- The Washington Times - Tuesday, April 12, 2005

Local spring turkey hunting seasons are now under way or about to begin. In Virginia, the season started last Saturday. In Maryland, a youth hunt will start Saturday, with the regular spring gobbler season opening Monday.

The return of the wild turkey in the Middle Atlantic States is an incredible success story. With state game departments and chapters of the National Wild Turkey Federation often working hand in hand, the bird that Ben Franklin thought should be honored much as we do the bald eagle nowadays is multiplying and thriving throughout our region.

In my home county of Charles, in Southern Maryland, it wasn’t long ago when the only turkey you were likely to see was the frozen domestic variety in a grocery store. That has changed drastically. It is not unusual these days to spot a flock of the large, wild birds crossing a country road or roosting in hardwood trees. In fact, I had five turkey hens in my backyard a few weeks ago.

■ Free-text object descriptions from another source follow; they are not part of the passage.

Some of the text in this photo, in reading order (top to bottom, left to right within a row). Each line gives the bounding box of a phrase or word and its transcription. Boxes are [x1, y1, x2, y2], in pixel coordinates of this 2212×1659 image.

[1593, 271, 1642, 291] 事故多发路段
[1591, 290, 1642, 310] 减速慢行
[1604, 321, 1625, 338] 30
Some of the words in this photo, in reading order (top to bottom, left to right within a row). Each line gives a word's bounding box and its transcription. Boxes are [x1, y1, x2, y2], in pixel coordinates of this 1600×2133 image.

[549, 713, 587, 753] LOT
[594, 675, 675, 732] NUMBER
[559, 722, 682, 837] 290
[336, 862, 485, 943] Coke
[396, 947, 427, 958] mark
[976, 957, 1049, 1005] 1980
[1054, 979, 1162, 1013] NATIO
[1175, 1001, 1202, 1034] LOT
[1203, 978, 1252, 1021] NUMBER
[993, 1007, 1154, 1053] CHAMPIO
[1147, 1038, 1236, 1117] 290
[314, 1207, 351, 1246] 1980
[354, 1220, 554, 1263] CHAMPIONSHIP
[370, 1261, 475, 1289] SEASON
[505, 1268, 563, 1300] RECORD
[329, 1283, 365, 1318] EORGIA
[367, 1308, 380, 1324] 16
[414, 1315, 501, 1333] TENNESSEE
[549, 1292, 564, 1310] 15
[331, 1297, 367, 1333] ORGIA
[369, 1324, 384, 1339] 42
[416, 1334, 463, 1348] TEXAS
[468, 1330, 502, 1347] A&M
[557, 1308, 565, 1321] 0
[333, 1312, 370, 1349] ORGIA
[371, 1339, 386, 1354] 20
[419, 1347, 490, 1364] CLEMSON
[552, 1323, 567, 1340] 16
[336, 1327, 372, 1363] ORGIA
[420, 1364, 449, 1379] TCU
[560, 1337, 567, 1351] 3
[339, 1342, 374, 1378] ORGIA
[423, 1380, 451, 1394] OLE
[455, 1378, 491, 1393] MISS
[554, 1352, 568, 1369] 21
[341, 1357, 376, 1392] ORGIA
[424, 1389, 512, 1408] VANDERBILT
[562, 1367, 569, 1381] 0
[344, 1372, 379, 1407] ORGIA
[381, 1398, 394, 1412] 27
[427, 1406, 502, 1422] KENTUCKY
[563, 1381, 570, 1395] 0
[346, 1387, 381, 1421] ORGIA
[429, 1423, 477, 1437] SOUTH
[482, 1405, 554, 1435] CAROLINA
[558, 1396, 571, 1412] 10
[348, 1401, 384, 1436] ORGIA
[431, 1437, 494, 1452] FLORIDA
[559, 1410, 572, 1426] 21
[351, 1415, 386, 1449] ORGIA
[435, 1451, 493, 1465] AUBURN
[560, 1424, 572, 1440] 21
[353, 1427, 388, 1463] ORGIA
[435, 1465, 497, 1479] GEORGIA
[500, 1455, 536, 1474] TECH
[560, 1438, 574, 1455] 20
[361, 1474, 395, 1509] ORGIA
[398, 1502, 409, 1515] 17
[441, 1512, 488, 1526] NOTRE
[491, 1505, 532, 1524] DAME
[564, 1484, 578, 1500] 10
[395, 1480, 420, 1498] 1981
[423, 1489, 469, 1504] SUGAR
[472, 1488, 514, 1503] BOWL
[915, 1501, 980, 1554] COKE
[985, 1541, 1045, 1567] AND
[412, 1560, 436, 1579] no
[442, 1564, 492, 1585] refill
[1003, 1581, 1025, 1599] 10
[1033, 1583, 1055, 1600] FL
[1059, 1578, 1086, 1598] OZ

Because of such sightings, the hunting of these sharp-eyed, wary birds is growing more popular every year. They present a wonderful woodland challenge and can make for memorable dining.

Maryland’s DNR is encouraging adult hunters to take a youngster afield on Saturday’s Junior Turkey Hunt day. This hunt allows kids 16 or younger to hunt wild turkeys when accompanied by an unarmed adult (at least 21). Both hunter must have valid hunting licenses unless they’re exempt.

Bob Long, turkey project leader for the DNR, said wild turkey populations are near record levels throughout most of Maryland, so this season should be exciting and productive. After two consecutive years of poor reproduction, the DNR’s annual brood survey suggests last summer was a banner year for turkey poult production throughout much of the state.

This means young gobblers, known as jakes, should be exceptionally abundant this spring. However, hunters who want to bag a mature tom may have to work harder, said Long.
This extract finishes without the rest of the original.